Regression Prediction
Learning Objectives
After completing this recipe, you will be able to:
- Predict sales with Linear Regression
- Apply Ridge, Lasso regularization
- Implement Random Forest/XGBoost regression
- Evaluate models (MAE, RMSE, R²)
- Predict Customer Lifetime Value (CLV)
1. What is a Regression Problem?
Theory
Regression is supervised learning that predicts continuous values.
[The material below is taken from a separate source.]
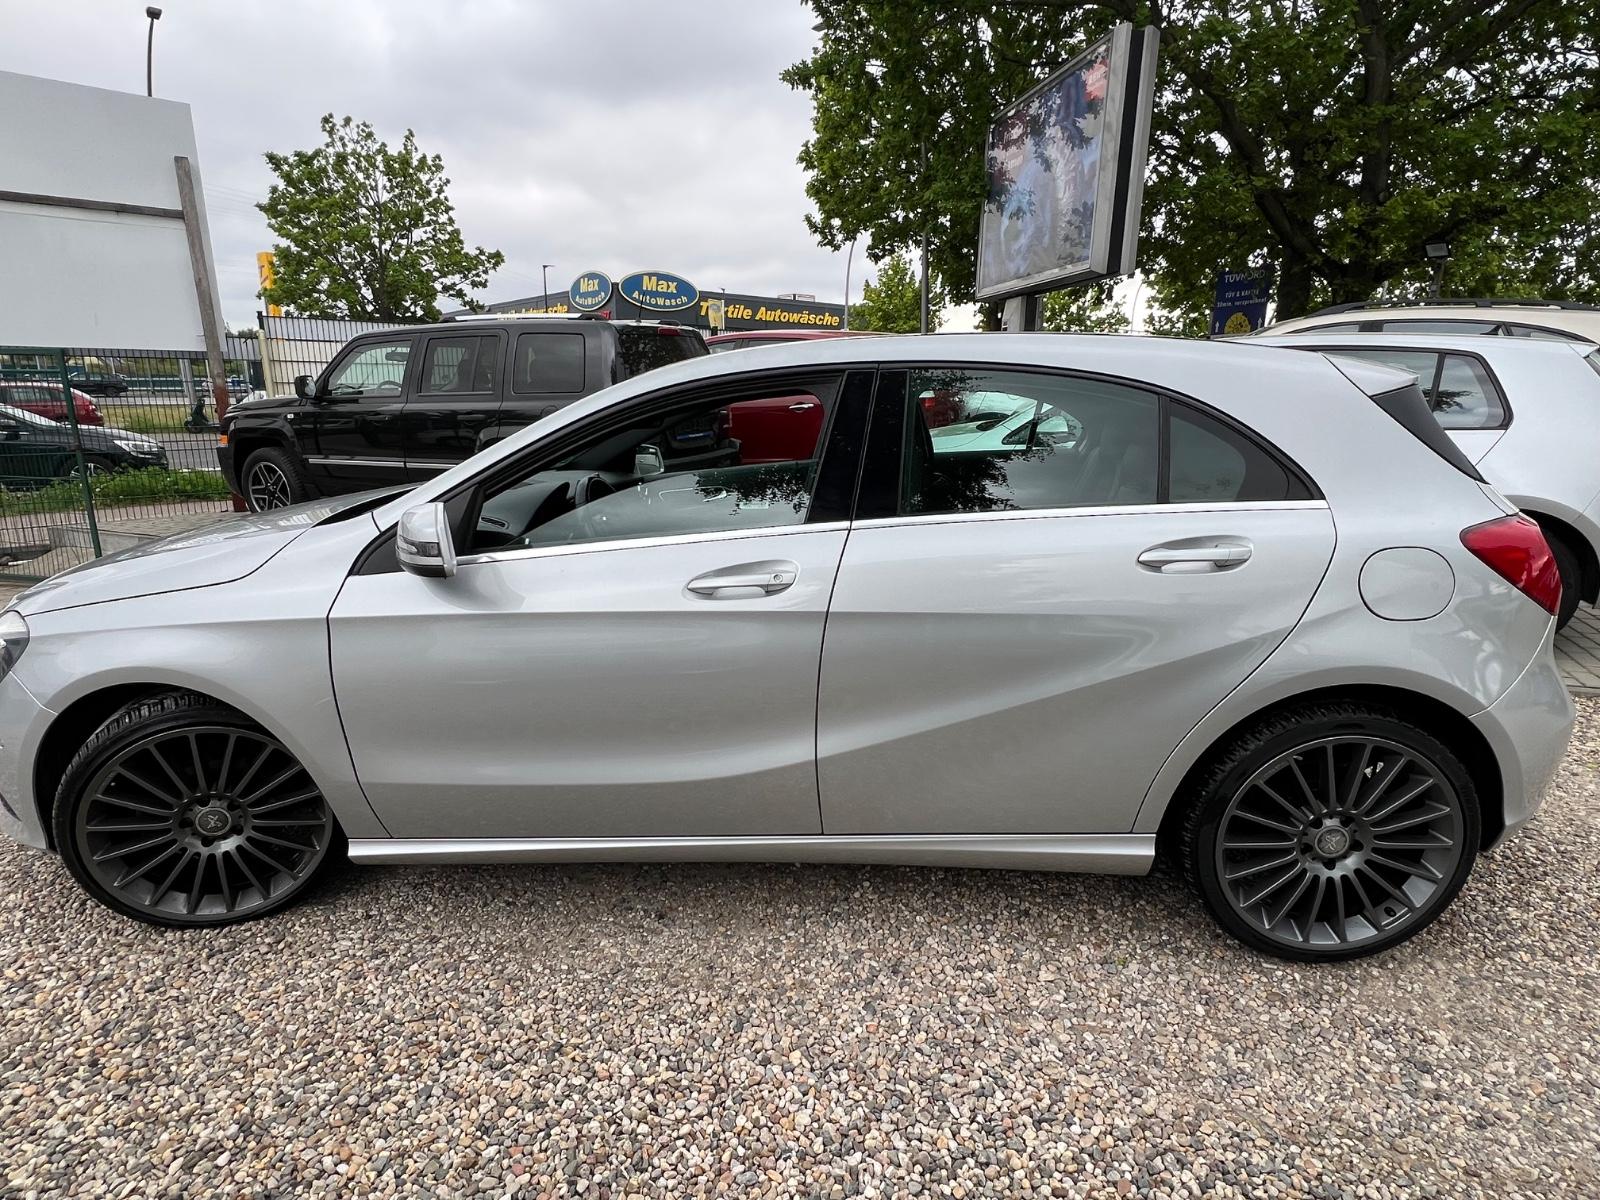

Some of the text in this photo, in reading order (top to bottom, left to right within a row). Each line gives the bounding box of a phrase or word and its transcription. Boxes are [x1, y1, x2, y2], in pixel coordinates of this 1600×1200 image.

[580, 277, 599, 293] Max
[642, 275, 678, 293] Max
[632, 290, 688, 306] AutoWasch
[700, 301, 840, 326] Ttile Autowäsche
Business Application Examples:
| Problem | Target Variable | Business Value |
|---|---|---|
| Sales Forecasting | Monthly sales | Inventory management, budget planning |
| CLV Prediction | Customer lifetime value | Marketing budget allocation |
| Price Prediction | Optimal selling price | Price optimization |
| Demand Forecasting | Order quantity | Supply chain optimization |
2. Data Preparation
Sample Data Generation for CLV Prediction
import pandas as pd
import numpy as np
from sklearn.model_selection import train_test_split
from sklearn.preprocessing import StandardScaler
import warnings
warnings.filterwarnings('ignore')
# Set seed for reproducible results
np.random.seed(42)
# Generate customer feature data
n_customers = 800
customer_features = pd.DataFrame({
'user_id': range(1, n_customers + 1),
'total_orders': np.random.poisson(5, n_customers) + 1,
'total_items': np.random.poisson(15, n_customers) + 1,
'avg_order_value': np.random.exponential(80, n_customers) + 20,
'order_std': np.random.exponential(30, n_customers),
'tenure_days': np.random.randint(30, 730, n_customers),
'avg_order_gap': np.random.exponential(30, n_customers) + 5,
'unique_categories': np.random.randint(1, 10, n_customers),
'unique_brands': np.random.randint(1, 15, n_customers)
})
# Generate CLV (target) - with relationship to features
customer_features['total_spent'] = (
customer_features['total_orders'] * customer_features['avg_order_value'] +
np.random.normal(0, 100, n_customers)
).clip(50, None)
# Handle missing values
customer_features = customer_features.fillna(0)
print(f"Number of customers: {len(customer_features)}")
print(f"Average CLV: ${customer_features['total_spent'].mean():,.2f}")
print(f"Median CLV: ${customer_features['total_spent'].median():,.2f}")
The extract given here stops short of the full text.